The result of these processes is pain, numbness, and tingling in the wrist, hand, and fingers. Only the little finger is unaffected by the median nerve.

Symptoms

Symptoms of carpal tunnel syndrome usually progress gradually over weeks and months, or sometimes years. Anyone with recurrent or persistent pain, numbness and tingling, or weakness of the hand should consult a doctor for a diagnosis. Symptoms often develop as follows:

  • Initial symptoms include pain in the wrist and palm side of the hand. Problems commonly occur in both hands. (Even when only one hand is painful, the other hand often shows signs of nerve conduction abnormalities when tested.)
  • Early on, the patient also usually reports numbness, tingling, burning, or some combination of symptoms on the palm side of the index, middle, and ring fingers. (Typically the fifth finger has no symptoms.) Such sensations may radiate to the forearm or shoulder.
  • Over time, the hand may become numb, and patients may lose the ability to feel heat and cold. Patients may experience a sense of weakness and a tendency to drop things.
  • Patients may feel that their hands are swollen even though there is no visible swelling. This symptom may actually prove to be an important indicator of greater CTS severity.

Symptoms may occur not only when the hand is being used but also at night when the patient is at rest. Even in cases where work is the suspected cause, symptoms typically first occur outside of work. In fact, the disorder may be distinguished from similar conditions by pain that occurs at night after going to bed.

Causes

Biological Causes. Carpal tunnel syndrome is considered an inflammatory disorder caused by repetitive stress, physical injury, or a medical condition. It is often very difficult, however, to determine the precise cause of carpal tunnel syndrome. No tests are available to identify a specific cause. Except in patients with certain underlying diseases, the biological mechanisms leading to carpal tunnel syndrome are unknown.

Working Conditions versus Medical Problems. Although some studies suggest that more than half of CTS cases are associated with workplace factors, there is no strong evidence of a cause-and-effect relationship. In fact, most studies now strongly suggest that carpal tunnel syndrome is primarily associated with medical or physical conditions such as diabetes, osteoarthritis, hypothyroidism, and rheumatoid arthritis.

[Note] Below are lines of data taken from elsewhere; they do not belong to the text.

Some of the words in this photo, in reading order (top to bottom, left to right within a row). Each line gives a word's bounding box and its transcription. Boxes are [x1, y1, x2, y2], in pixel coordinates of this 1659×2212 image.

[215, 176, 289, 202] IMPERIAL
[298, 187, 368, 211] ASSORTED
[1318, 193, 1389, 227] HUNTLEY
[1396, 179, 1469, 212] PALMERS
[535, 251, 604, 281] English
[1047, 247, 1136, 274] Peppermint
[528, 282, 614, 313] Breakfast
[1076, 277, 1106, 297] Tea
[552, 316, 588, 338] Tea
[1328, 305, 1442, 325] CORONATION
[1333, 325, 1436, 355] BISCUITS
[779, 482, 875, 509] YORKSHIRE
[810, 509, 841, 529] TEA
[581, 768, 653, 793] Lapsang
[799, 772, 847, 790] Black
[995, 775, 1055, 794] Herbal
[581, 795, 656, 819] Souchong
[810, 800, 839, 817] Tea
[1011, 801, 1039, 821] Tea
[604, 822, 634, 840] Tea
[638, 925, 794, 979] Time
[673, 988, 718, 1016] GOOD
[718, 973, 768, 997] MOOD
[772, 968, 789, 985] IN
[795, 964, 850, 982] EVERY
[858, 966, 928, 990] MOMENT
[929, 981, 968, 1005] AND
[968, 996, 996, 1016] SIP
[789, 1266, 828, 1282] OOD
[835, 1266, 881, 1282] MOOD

CTS also tends to occur in people with certain genetic or environmental risk factors. These risk factors include obesity, smoking, alcohol abuse, or significant mental stress. CTS sometimes runs in families, which suggests that it has some type of genetic origin. When people who are susceptible to CTS are subjected to repetitive hand or wrist work, the risk for CTS can become significant. CTS, then, is very likely to be due to a combination of factors that lead to nerve damage in the hand.

Work-Related Issues and Carpal Tunnel Syndrome

High Force and Vibration. Even though medical and physical conditions may be the initial culprits leading to CTS, certain working conditions may be linked to nerve damage. Work that involves high force or vibration is particularly hazardous, as is repetitive hand and wrist work in cold temperatures.

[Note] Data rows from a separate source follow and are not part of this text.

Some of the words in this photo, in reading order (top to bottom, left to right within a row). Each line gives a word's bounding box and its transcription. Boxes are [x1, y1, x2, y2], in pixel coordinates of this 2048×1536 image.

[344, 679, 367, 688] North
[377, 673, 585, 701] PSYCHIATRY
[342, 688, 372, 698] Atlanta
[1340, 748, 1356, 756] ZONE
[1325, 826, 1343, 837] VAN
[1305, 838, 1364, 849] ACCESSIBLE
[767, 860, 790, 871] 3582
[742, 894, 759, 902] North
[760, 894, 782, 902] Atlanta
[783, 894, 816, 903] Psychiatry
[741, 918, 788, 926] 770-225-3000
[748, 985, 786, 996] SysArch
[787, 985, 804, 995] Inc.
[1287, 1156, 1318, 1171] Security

In addition to CTS, other disorders of the hand and wrist result from these work-related movements. They include the following:

  • Hand-arm vibration syndrome — tingling and numbness that persist even after the vibration stops
  • Cumulative trauma (repetitive stress) disorder
  • Overuse syndromes
  • Chronic upper limb pain syndrome

All of these problems are generally associated with repetitive and forceful use of the hands, resulting in damaged muscles and bones of the upper arms.